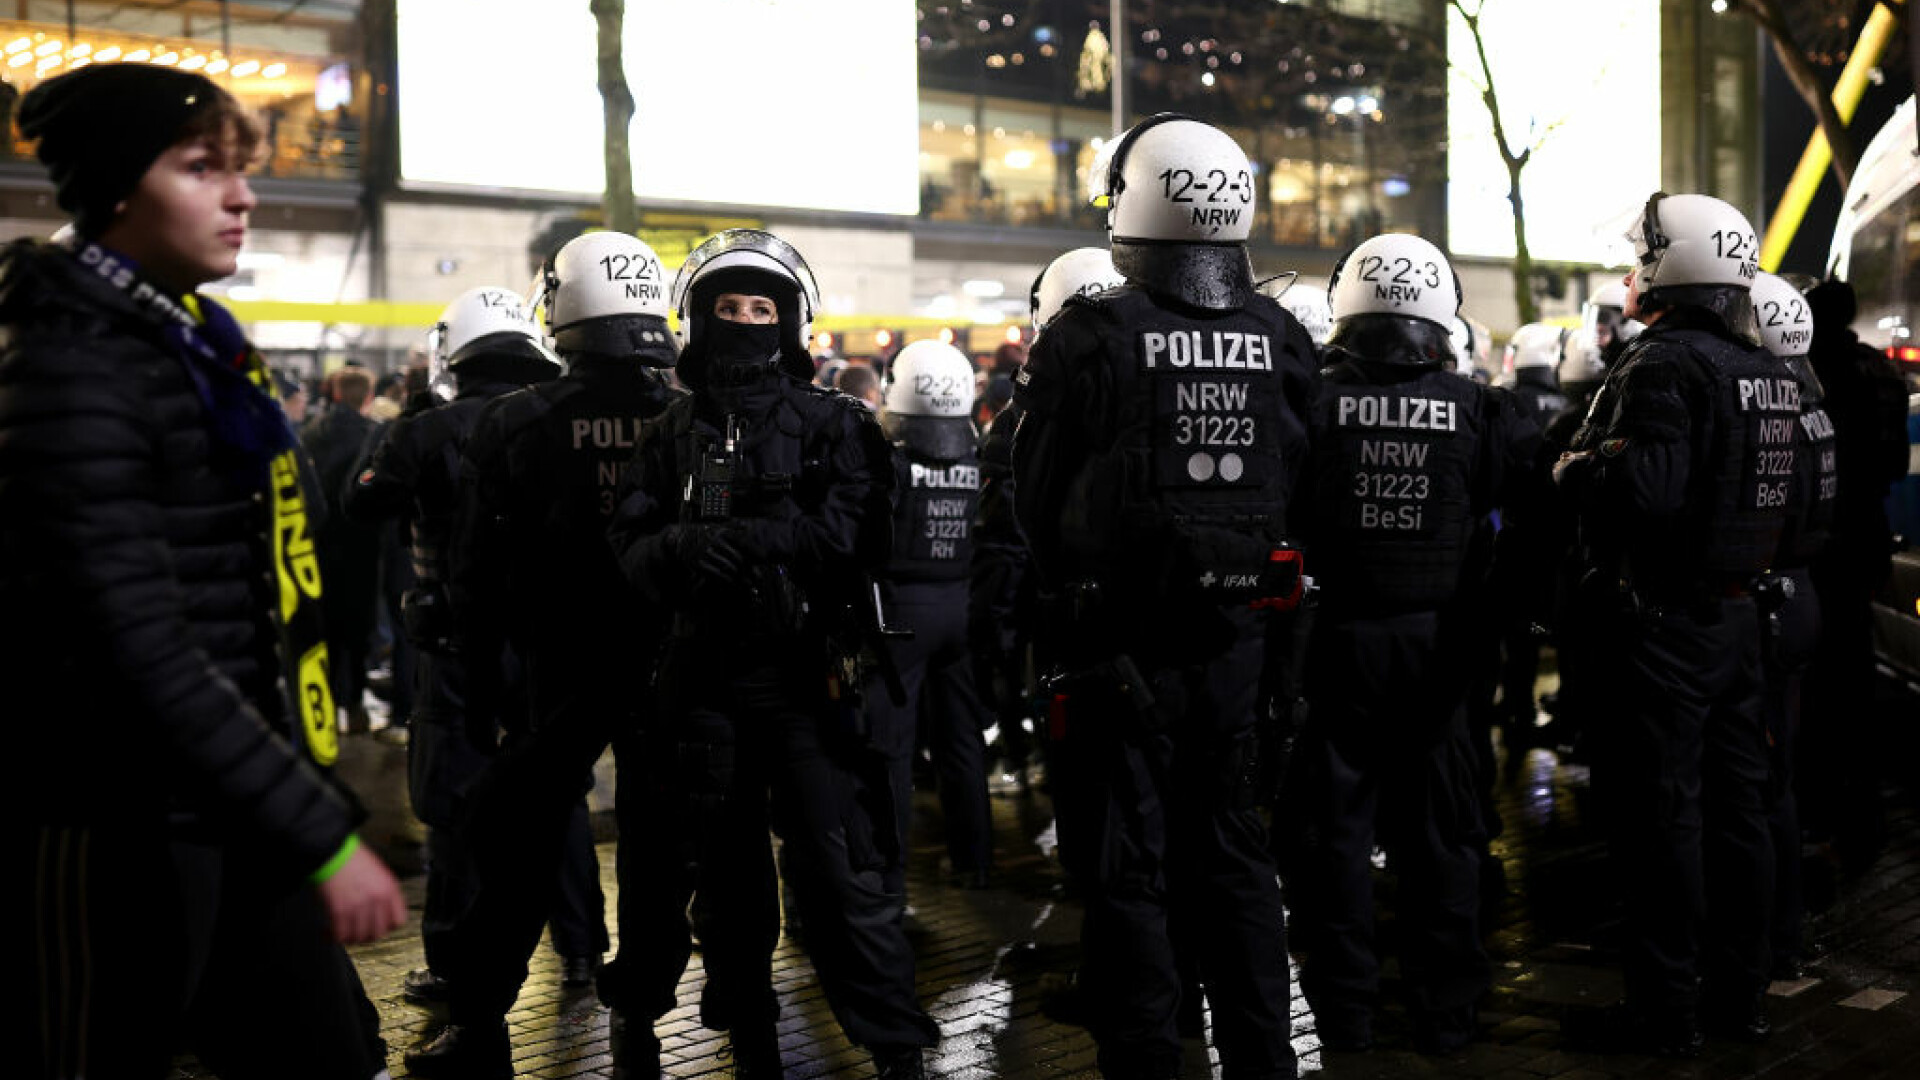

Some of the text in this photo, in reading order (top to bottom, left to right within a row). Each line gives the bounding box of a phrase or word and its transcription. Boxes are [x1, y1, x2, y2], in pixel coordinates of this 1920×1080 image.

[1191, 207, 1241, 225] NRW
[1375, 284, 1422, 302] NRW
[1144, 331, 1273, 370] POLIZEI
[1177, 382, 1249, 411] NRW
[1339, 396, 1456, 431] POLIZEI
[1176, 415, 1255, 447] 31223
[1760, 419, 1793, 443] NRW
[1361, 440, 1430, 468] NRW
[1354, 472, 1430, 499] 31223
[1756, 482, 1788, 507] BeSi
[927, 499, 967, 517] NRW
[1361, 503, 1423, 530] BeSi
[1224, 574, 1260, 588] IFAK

■ WORK ORDER:
Repeat the listing in full and to the letter, excluding every image.

■ RESULT:
Some of the text in this photo, in reading order (top to bottom, left to right within a row). Each line gives the bounding box of a phrase or word and its transcription. Boxes are [x1, y1, x2, y2], in pixel coordinates of this 1920×1080 image.

[1191, 207, 1241, 225] NRW
[1375, 284, 1422, 302] NRW
[1144, 331, 1273, 370] POLIZEI
[1177, 382, 1249, 411] NRW
[1339, 396, 1456, 431] POLIZEI
[1176, 415, 1255, 447] 31223
[1760, 419, 1793, 443] NRW
[1361, 440, 1430, 468] NRW
[1354, 472, 1430, 499] 31223
[1756, 482, 1788, 507] BeSi
[927, 499, 967, 517] NRW
[1361, 503, 1423, 530] BeSi
[1224, 574, 1260, 588] IFAK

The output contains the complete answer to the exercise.